Une étude suggère que la ménopause ne serait pas directement associée à une progression plus rapide de la sclérose en plaques, même si des liens avec l’âge et d’autres facteurs restent possibles.
Les données présentées reposent sur une étude menée auprès de femmes atteintes de SEP. Les chercheurs ont analysé l’impact du début de la ménopause sur l’évolution de la maladie, en tenant compte d’éléments comme l’âge, la durée de la maladie ou le niveau de handicap.
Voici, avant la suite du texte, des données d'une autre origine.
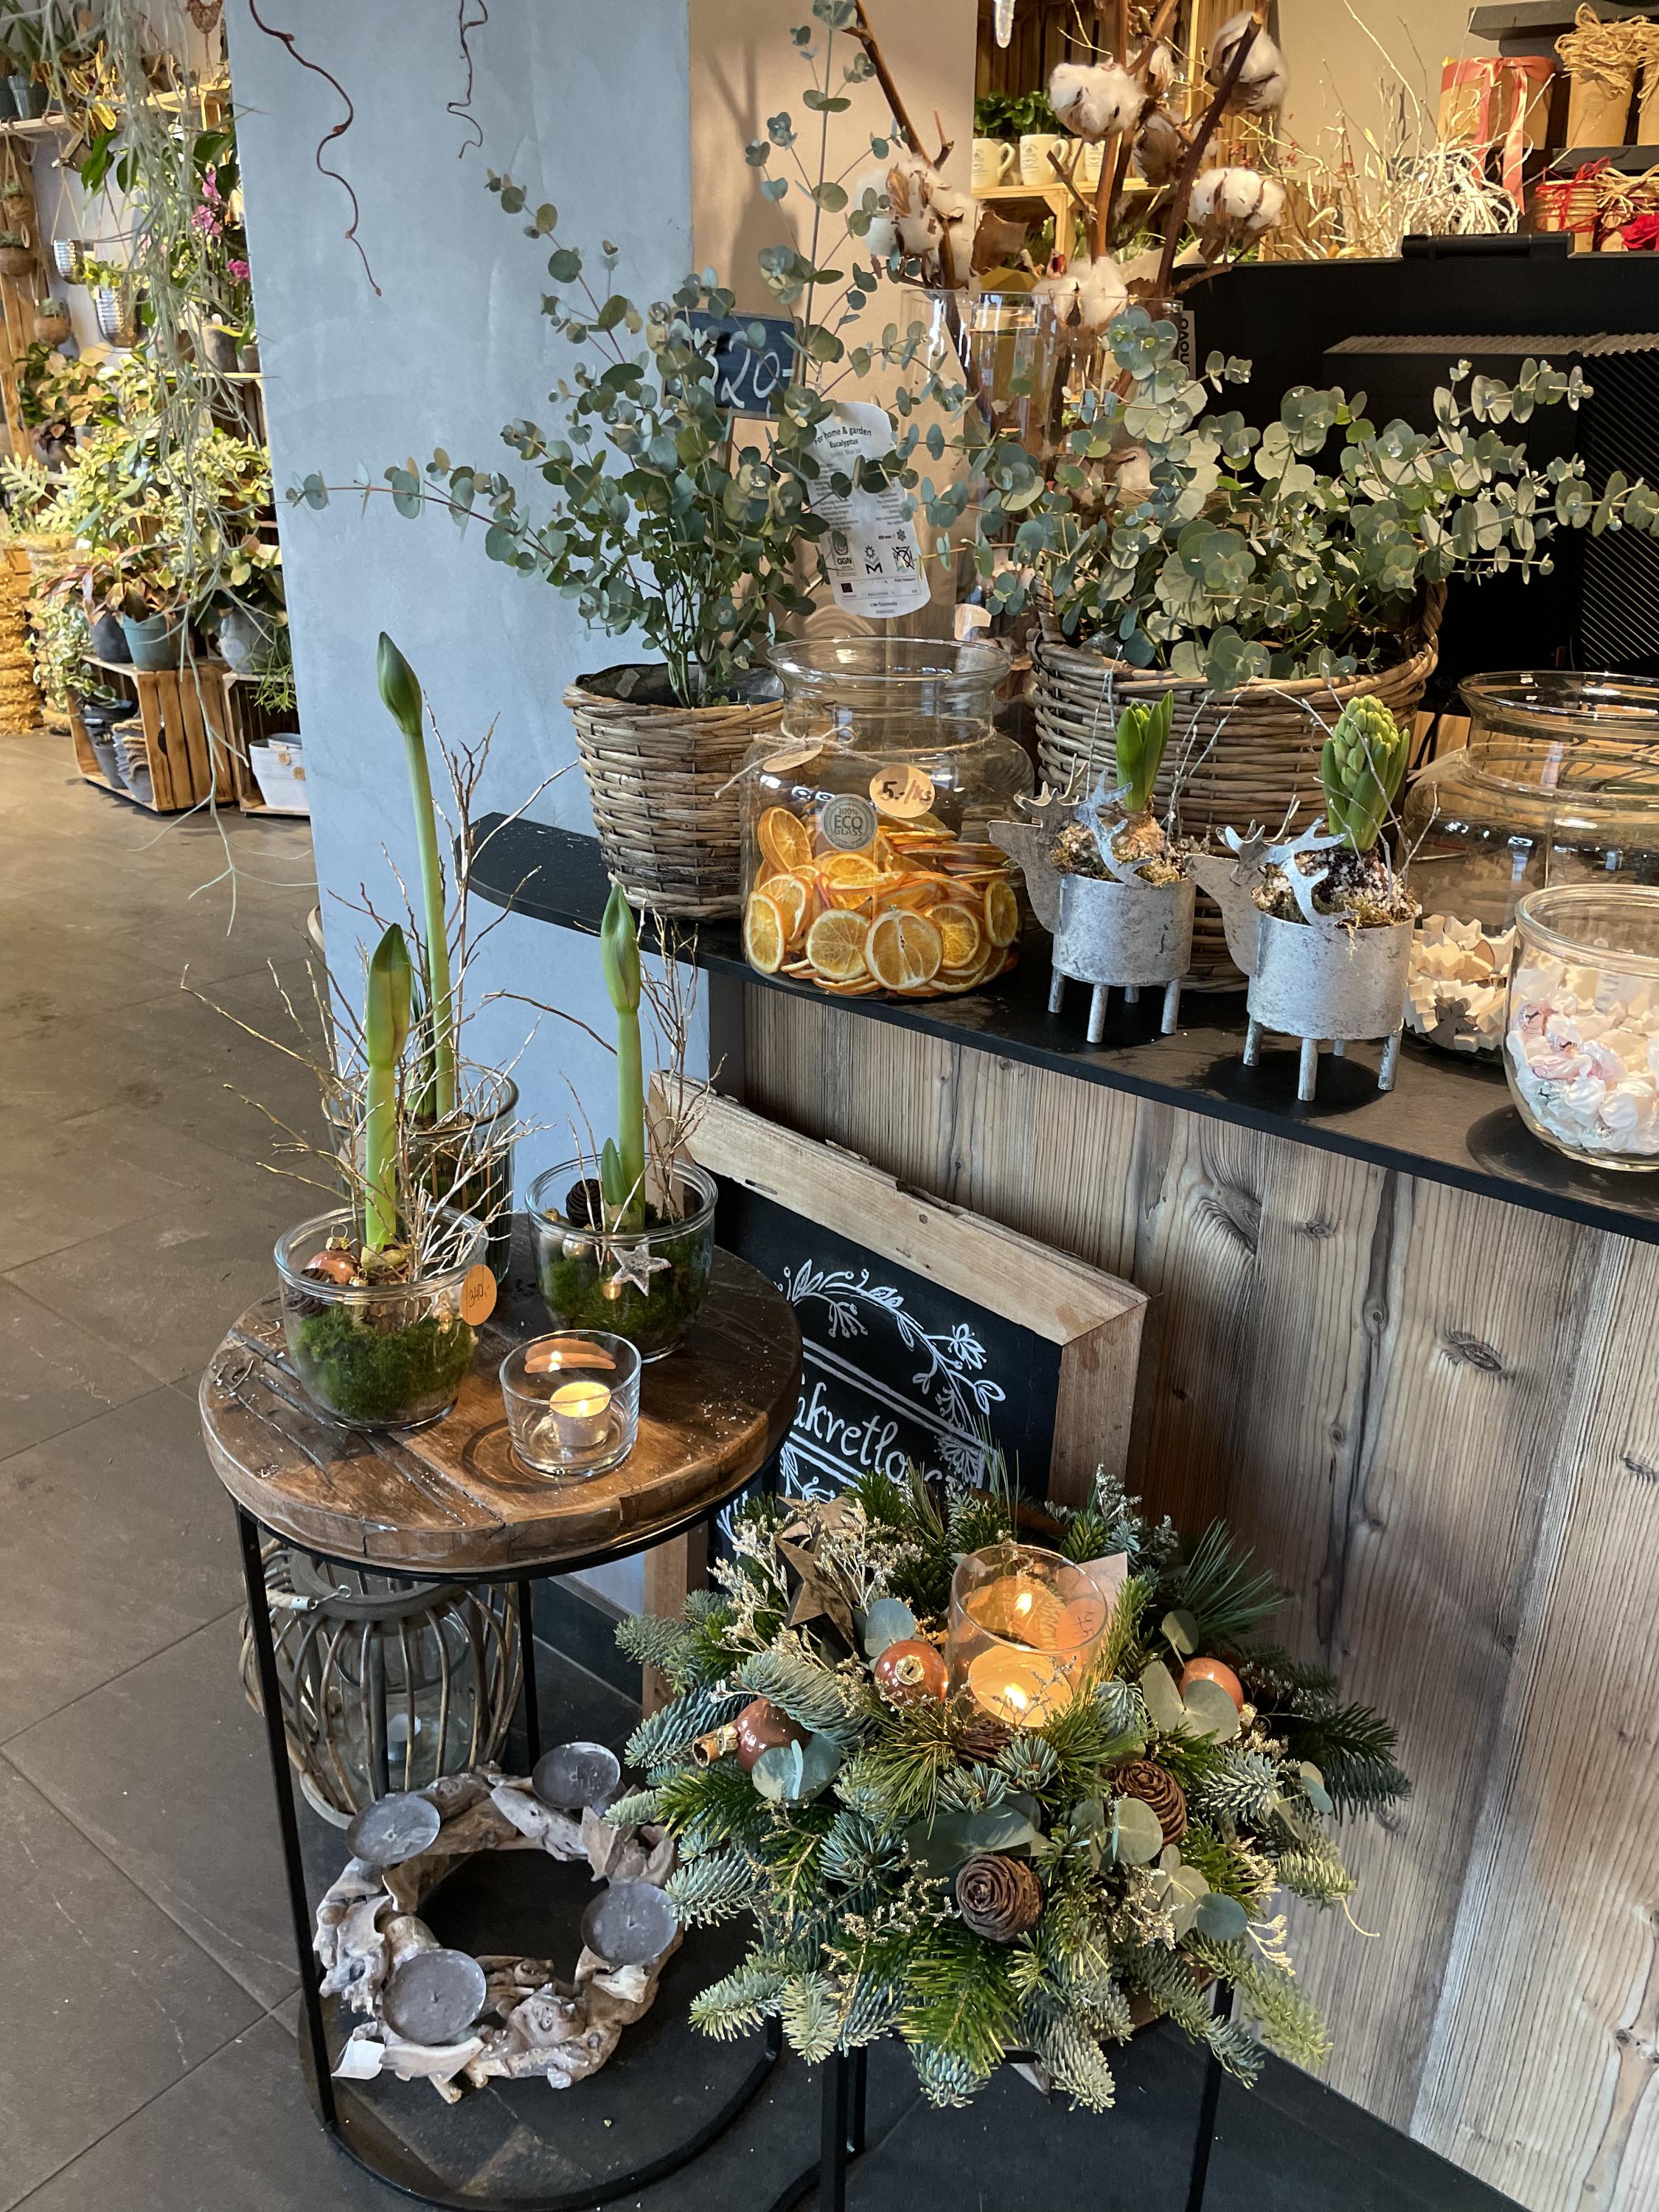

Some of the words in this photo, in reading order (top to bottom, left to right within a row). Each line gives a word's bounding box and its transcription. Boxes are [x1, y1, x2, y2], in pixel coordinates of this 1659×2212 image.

Les résultats indiquent que la ménopause ne semblerait pas avoir d’effet indépendant sur la progression de la sclérose en plaques. Les changements hormonaux liés à cette période ne suffiraient donc pas, à eux seuls, à expliquer une aggravation de la maladie.
Les chercheurs soulignent toutefois qu’il reste difficile de distinguer l’impact de la ménopause de celui du vieillissement, ces deux phénomènes survenant souvent au même moment. D’autres facteurs pourraient également influencer l’évolution de la maladie.
Ces éléments invitent à considérer la ménopause dans un contexte plus global, en lien avec l’ensemble des facteurs influençant la sclérose en plaques, afin d’adapter la prise en charge de manière personnalisée.